Ainsi de nombreux petits conseils que l’on prodigue aux femmes,  « Tu m’as toujours répété que pour garder un homme, il fallait être bonne maîtresse et bonne maîtresse de maison, c’était ton credo. », le soin apporté à la toilette, l’image de la femme inévitablement jolie, voire belle, le mythe de la mère exemplaire et de l’épouse aimante.

Les hommes, au fond, sont les victimes d’une femme égocentrique et infidèle, uniquement préoccupée d’elle-même et le père a le beau rôle, comme l’a relevé également le journaliste qui l’a interviewée dans Paris-Match. Dans un autre moment du roman, une mère violente rejette sa fille, tant elle aurait aimé avoir un garçon, et c’est le père qui apporte de l’amour.

Je dirais que ces personnages ont mal à leur « féminin » et que dans l’histoire des femmes il y a aussi la haine de soi et une profonde culpabilité (à force de vous répéter que c’est vous qui avez fait croquer la pomme, et que c’est une femme qui a ouvert la boîte contenant tous les malheurs de l’humanité) et qu’il s’agit toujours de rester à la bonne place (ne pas être trop égale), ne pas faire de l’ombre, et gagner l’amour de celui qui n’est pas sur le même plan, mais uniquement sur celui du désir, et qu’il faut satisfaire par son élégance et sa beauté (tant pis pour celles qui sont moches et qui sentent des pieds).
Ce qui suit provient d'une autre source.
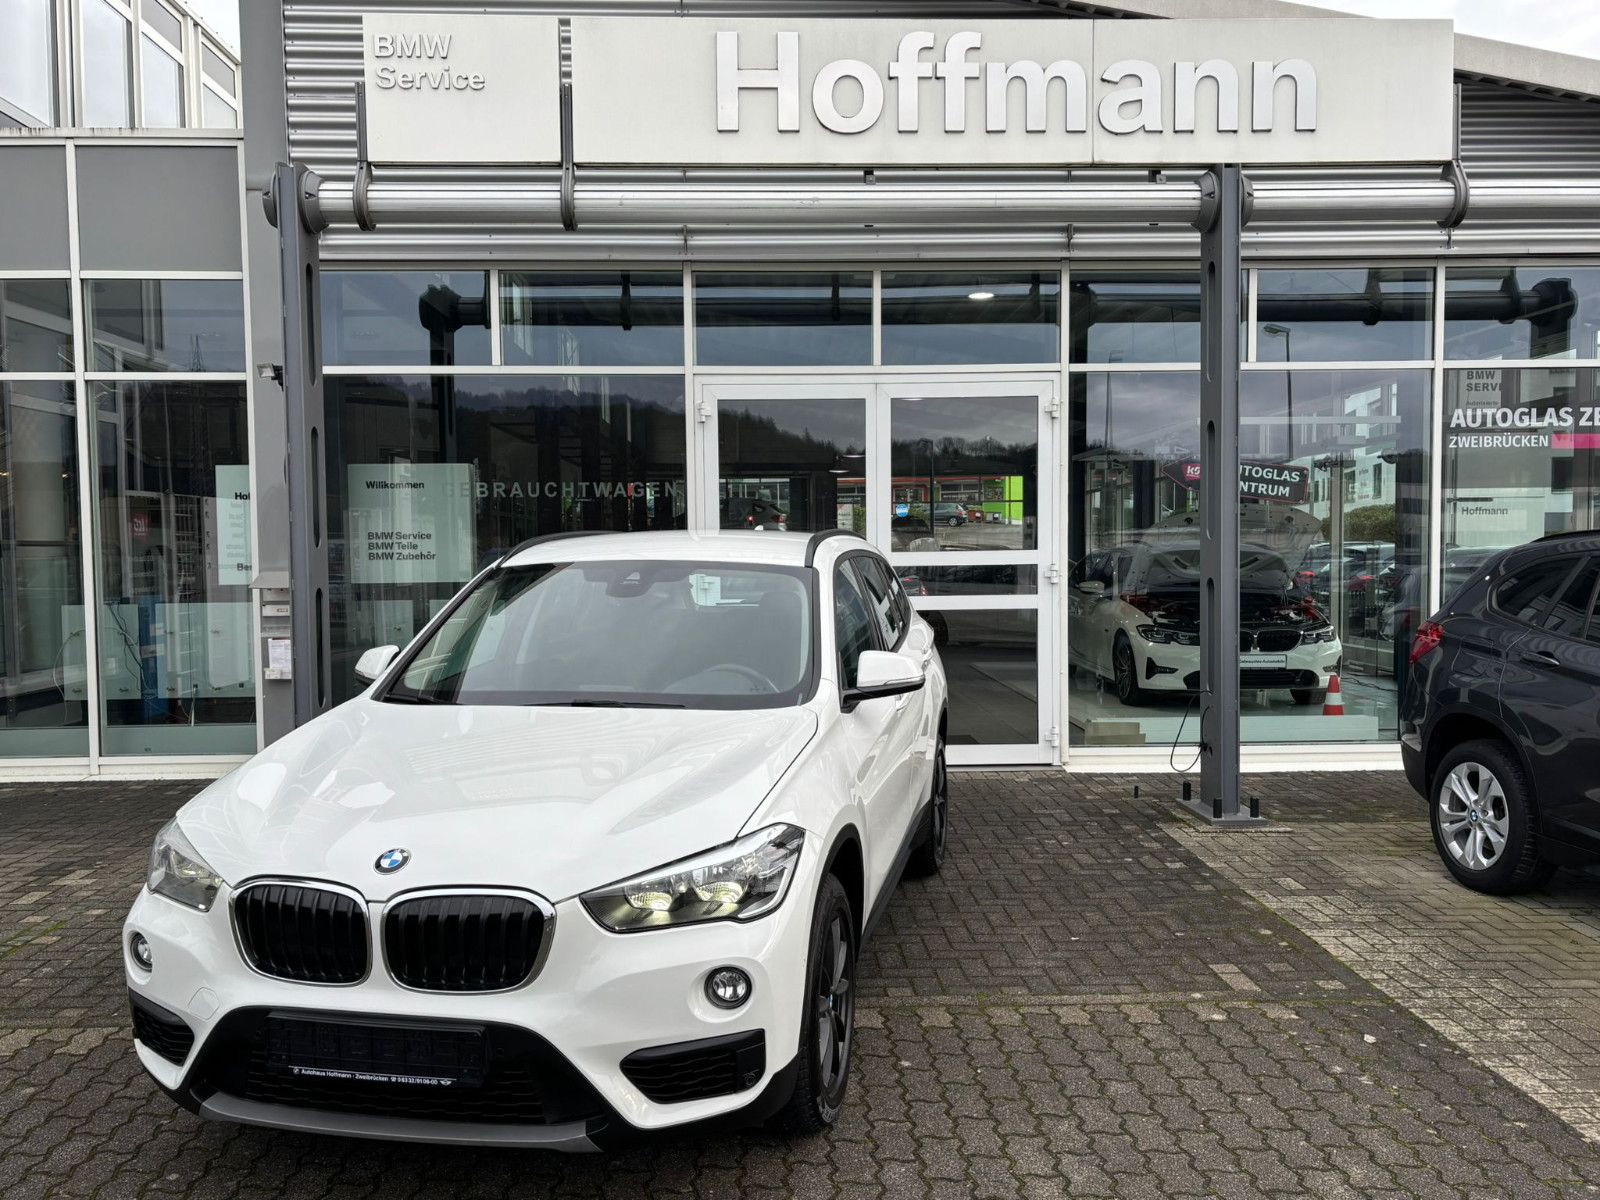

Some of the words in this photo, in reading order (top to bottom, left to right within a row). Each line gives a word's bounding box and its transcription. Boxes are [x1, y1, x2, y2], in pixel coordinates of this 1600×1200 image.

[373, 33, 451, 59] BMW
[376, 66, 486, 90] Service
[716, 30, 1318, 135] Hoffmann
[1466, 370, 1495, 380] BMW
[1466, 382, 1502, 392] SERVI
[1450, 406, 1573, 427] AUTOGLAS
[1578, 406, 1600, 426] ZE
[1449, 432, 1548, 448] ZWEIBRÜCKEN
[1240, 465, 1300, 482] TOGLAS
[365, 480, 425, 489] Willkommen
[1240, 481, 1290, 497] NTRUM
[1461, 506, 1508, 516] Hoffmann
[367, 531, 394, 540] BMW
[395, 531, 432, 540] Service
[367, 542, 394, 550] BMW
[395, 541, 419, 550] Teile
[368, 552, 394, 561] BMW
[396, 550, 436, 561] Zubehör
[301, 1068, 326, 1076] Autohaus
[326, 1071, 352, 1079] Hoffmann
[355, 1073, 389, 1081] Zweibrücken
          Toutefois il faut voir le sort que l’on fait aussi aux belles femmes (Pauline Delpech est magnifique), et je pense ici à une vidéo d’une interview de l’auteure il y a quelques années par un homme (un vrai ?) qui pour moi, l’a accueillie comme une bête à la foire, en vantant de manière lourdingue les mérites de sa plastique, et chacun bien sûr des invités de relever, tout en balançant des vannes pas du meilleur goût. Et c’est là que moi j’ai eu mal à mon féminin et que je me suis dit que cette femme-là valait mieux que ça. Et qu’on pouvait la lire aussi…

Pauline Delpech est une jeune auteure qui ne manque pas de volonté et qui trace sa route, capable à mon avis d’évoluer et de mûrir. En tout cas, je le lui souhaite, car elle est une auteure qui ne manque pas de qualités.

 

Je remercie l’attachée de presse des éditions Michel Lafon de m’avoir envoyé ce livre.